HTTP Protocol / Web Server Service Unavailable
The server is currently unable to handle the request due to a temporary overload or scheduled maintenance. This is a temporary condition which will be alleviated after some delay. It indicates that the server is temporarily unable to process the request.
Common Causes
- Server overload (too many requests, insufficient CPU/memory/disk resources)
- Server maintenance or planned downtime
- Backend service unavailability (e.g., database down, microservice unresponsive)
- Application crashes or unhandled exceptions
- Load balancer misconfiguration or health check failures
- Resource exhaustion (e.g., file descriptors, network connections)

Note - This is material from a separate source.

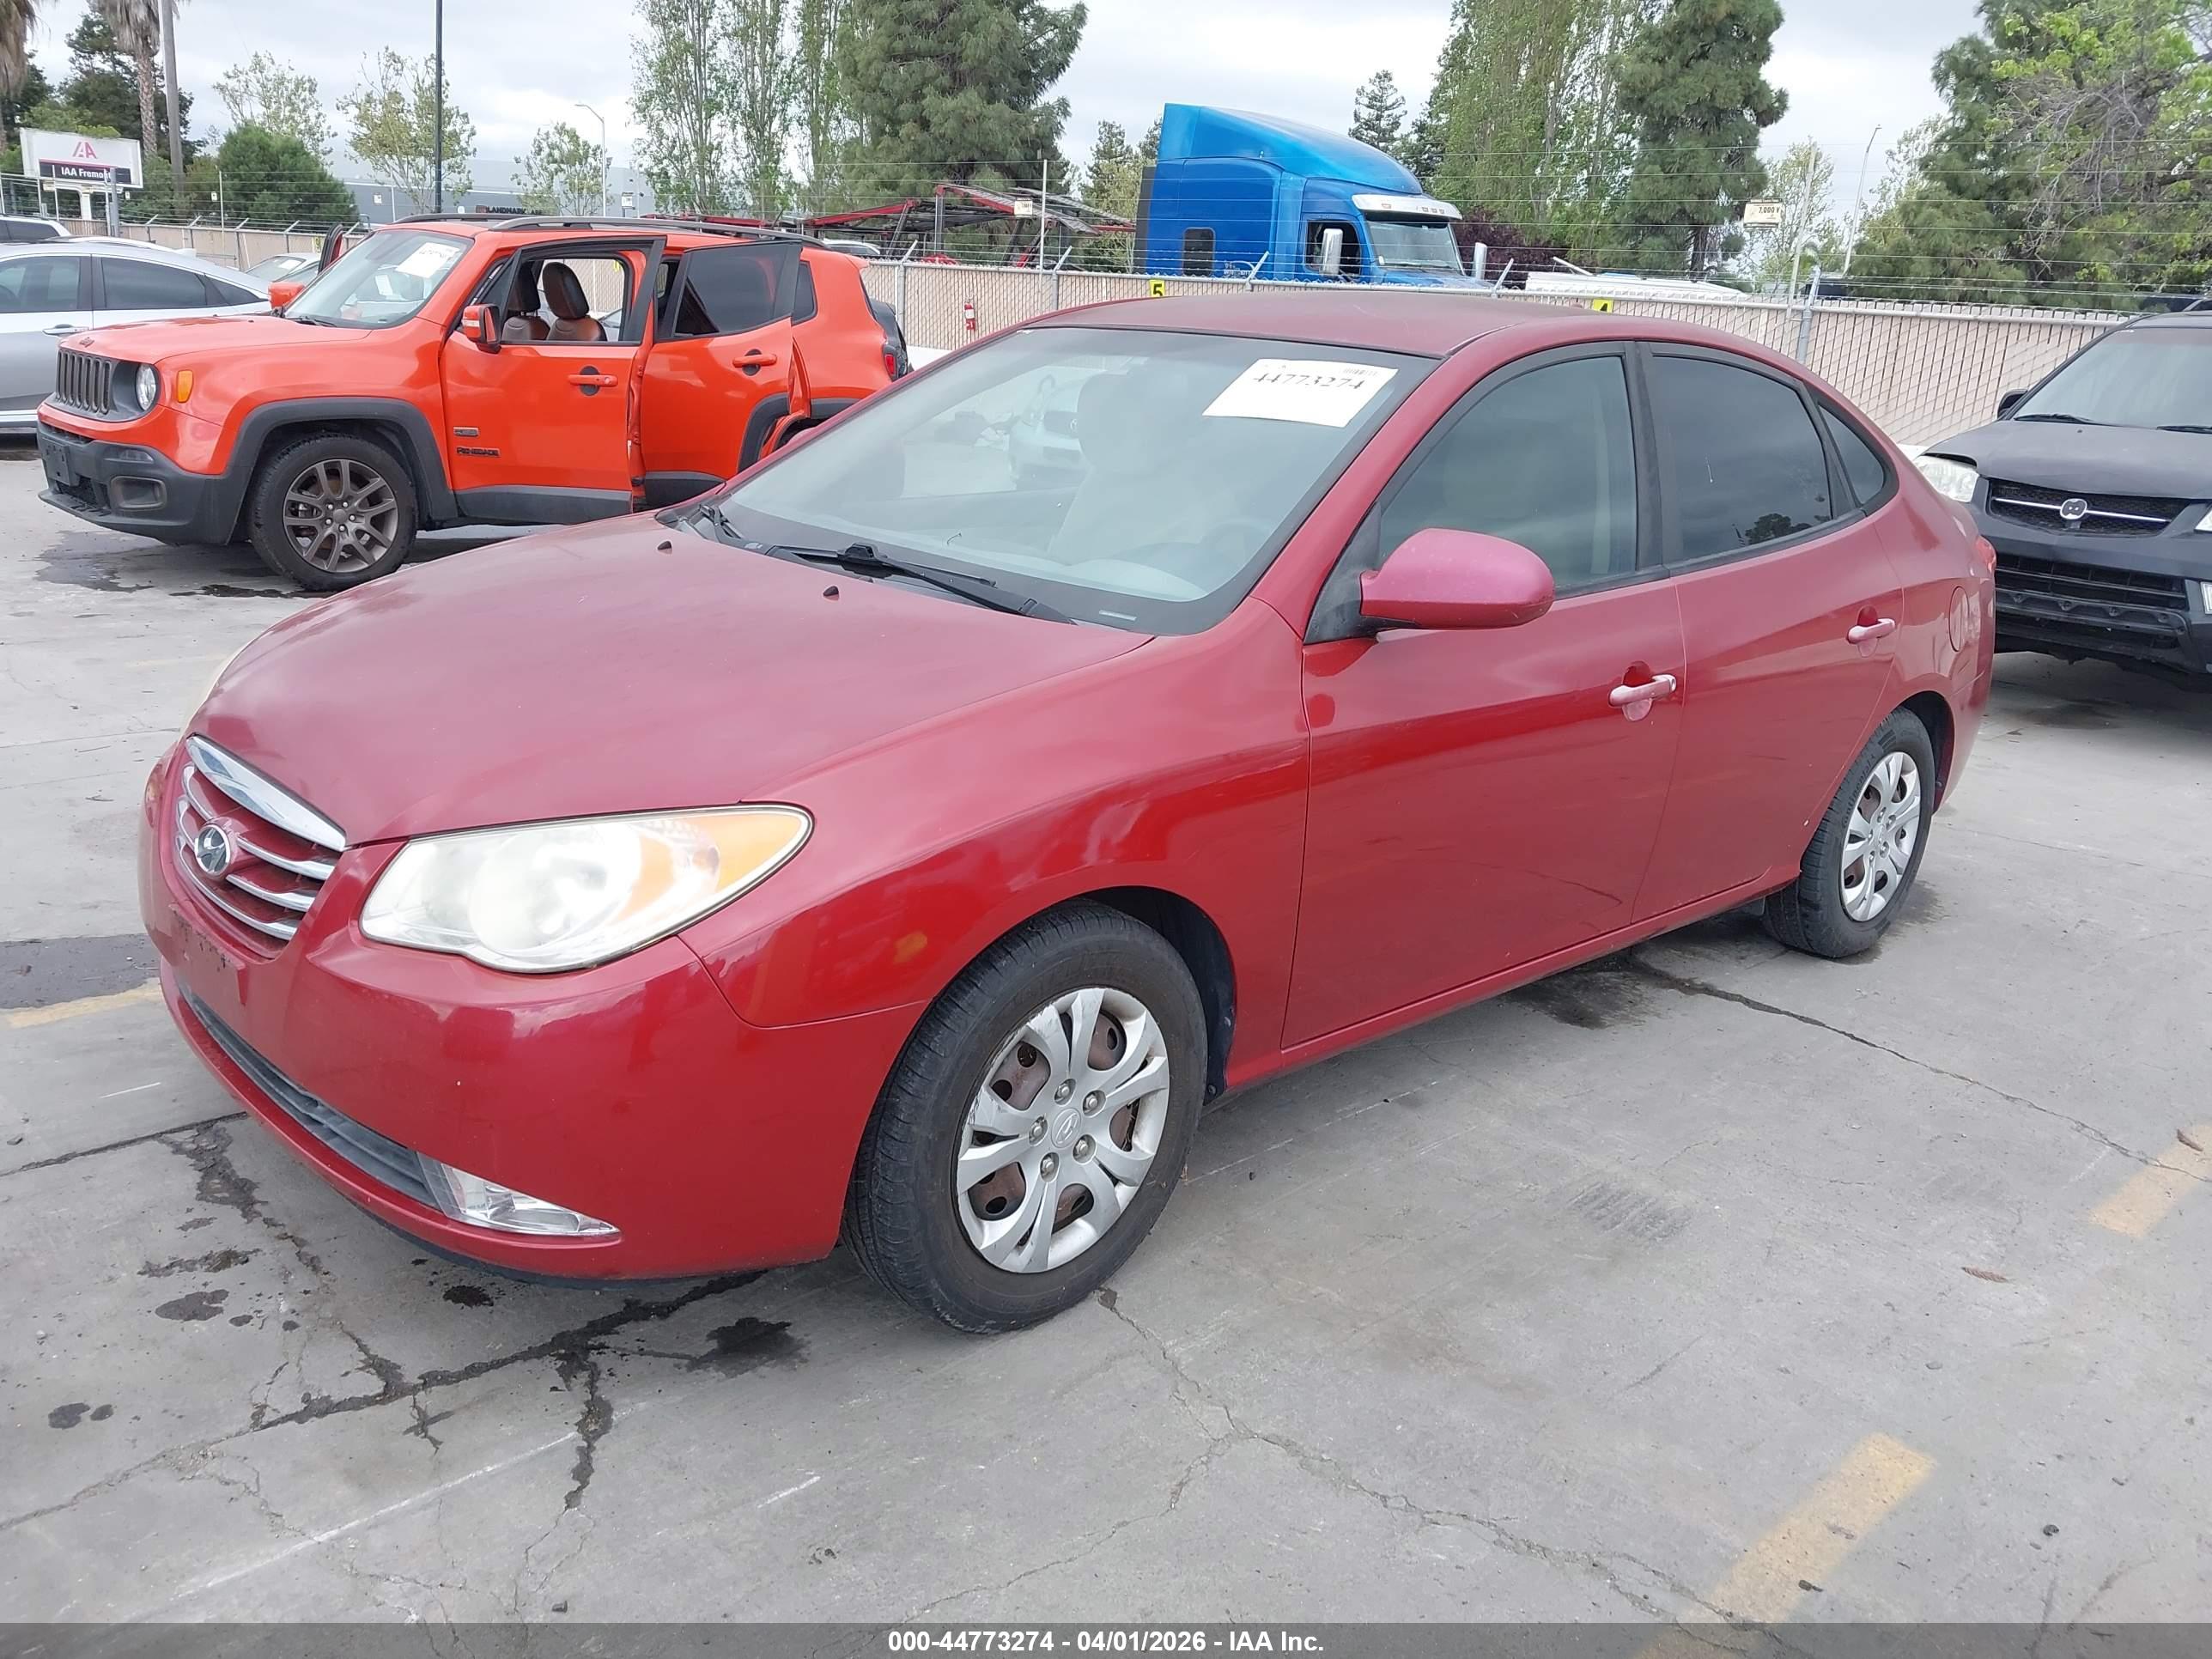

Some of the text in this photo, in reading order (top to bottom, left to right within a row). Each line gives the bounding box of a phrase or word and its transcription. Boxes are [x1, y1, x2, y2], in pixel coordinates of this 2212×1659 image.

[61, 167, 77, 177] IAA
[1153, 283, 1164, 296] 5
[1253, 373, 1366, 389] 44773274
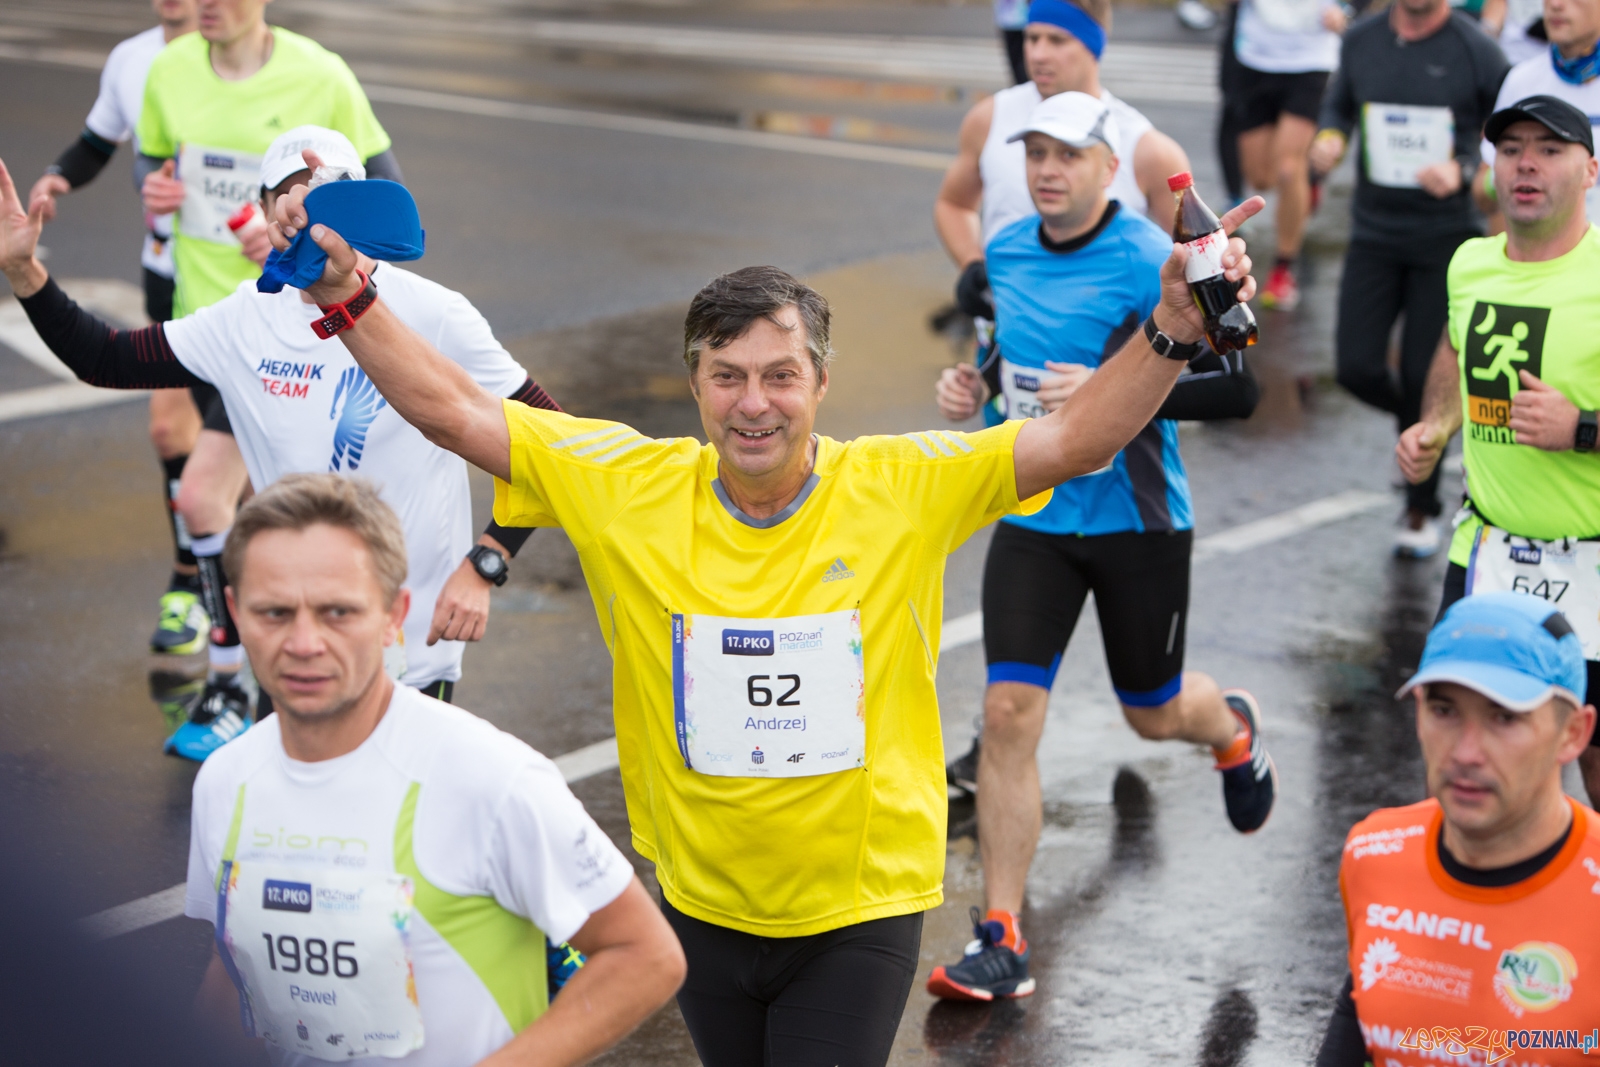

- Firewall or network issues blocking backend communication
How to Fix
1 Verify Server Health and Resources
Check the health of the web server(s) and application servers. Monitor CPU, memory, disk I/O, and network usage to identify resource bottlenecks. Look for recent deployments or configuration changes that might have triggered the issue.
$ ssh user@your-server-ip 'uptime; free -h; df -h; top -b -n 1 | head -n 20; netstat -an | grep ESTABLISHED | wc -l' 2 Review Application and Server Logs
Examine application logs (e.g., Nginx, Apache, application-specific logs) for errors, exceptions, or warnings that coincide with the 503 errors. Look for database connection issues, unhandled exceptions, or service startup failures. Use centralized logging tools if available.
$ tail -f /var/log/nginx/error.log
tail -f /var/log/apache2/error.log
kubectl logs -f <pod-name> -n <namespace>
journalctl -u <service-name> -f 3 Validate Load Balancer Configuration and Health Checks
Ensure that the load balancer (e.g., AWS ELB/ALB, Nginx, HAProxy, Kubernetes Ingress) is correctly configured with health checks that accurately reflect the backend service's availability. A misconfigured health check can mark healthy servers as unhealthy, leading to 503s.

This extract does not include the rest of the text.